Whole‐genome sequence analysis was performed on a multidrug‐resistant Providencia rettgeri PR002 clinical strain isolated from the urine of a hospitalized patient in Pretoria, South Africa, in 2013. The resistome, mobilome, pathogenicity island(s), as well as virulence and heavy‐metal resistance genes of the isolate, were characterized using whole‐genome sequencing and bioinformatic analysis. PR002 had a genome assembly size of 4,832,624 bp with a GC content of 40.7%, an A/C 2 plasmid replicase gene, four integrons/gene cassettes, 17 resistance genes, and several virulence and heavy metal resistance genes, confirming PR002 as a human pathogen. A novel integron, In 1483, harboring the gene bla OXA‐2 , was identified, with other uncharacterized class 1 integrons harboring aacA4cr and dfrA1 . Aac(3′)‐IIa and bla SCO‐1 , as well as bla PER‐7 , sul2 , and tet (B), were found bracketed by composite Tn 3 transposons, and IS 91 , IS 91 , and IS 4 family insertion sequences, respectively. PR002 was resistant to all antibiotics tested except amikacin, carbapenems, cefotaxime‐clavulanate, ceftazidime‐clavulanate, cefoxitin, and fosfomycin.
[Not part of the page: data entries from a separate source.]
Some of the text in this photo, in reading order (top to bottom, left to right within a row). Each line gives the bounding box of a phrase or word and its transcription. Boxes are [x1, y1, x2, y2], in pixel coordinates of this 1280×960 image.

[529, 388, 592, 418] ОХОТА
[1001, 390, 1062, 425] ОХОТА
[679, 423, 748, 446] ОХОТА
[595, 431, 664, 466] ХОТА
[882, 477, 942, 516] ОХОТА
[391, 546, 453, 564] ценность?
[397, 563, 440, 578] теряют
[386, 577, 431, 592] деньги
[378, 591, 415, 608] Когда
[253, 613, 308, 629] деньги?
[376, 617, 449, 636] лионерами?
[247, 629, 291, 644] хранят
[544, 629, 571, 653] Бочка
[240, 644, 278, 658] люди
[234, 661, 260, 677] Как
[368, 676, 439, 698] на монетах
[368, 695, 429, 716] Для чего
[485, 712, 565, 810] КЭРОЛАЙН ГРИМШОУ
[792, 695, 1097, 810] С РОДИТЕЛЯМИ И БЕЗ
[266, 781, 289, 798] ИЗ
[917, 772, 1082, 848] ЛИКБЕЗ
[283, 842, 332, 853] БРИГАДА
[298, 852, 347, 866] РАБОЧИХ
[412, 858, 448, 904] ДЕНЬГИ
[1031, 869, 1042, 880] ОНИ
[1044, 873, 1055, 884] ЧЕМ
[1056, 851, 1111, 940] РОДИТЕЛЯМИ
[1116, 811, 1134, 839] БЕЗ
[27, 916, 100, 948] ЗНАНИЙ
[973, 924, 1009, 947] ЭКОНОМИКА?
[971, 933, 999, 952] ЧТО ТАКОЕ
PR002 was closely related to PR1 (USA), PRET_2032 (SPAIN), DSM_1131, and NCTC7477 clinical P. rettgeri strains, but not close enough to suggest it was imported into South Africa from other countries. Multidrug resistance in P. rettgeri is rare, particularly in clinical settings, making this case an important incident requiring urgent attention. This is also the first report of an A/C plasmid in P. rettgeri . The array, multiplicity, and diversity of resistance and virulence genes in this strain are concerning, necessitating stringent infection control, antibiotic stewardship, and periodic resistance surveillance/monitoring policies to preempt further horizontal and vertical spread of these resistance genes.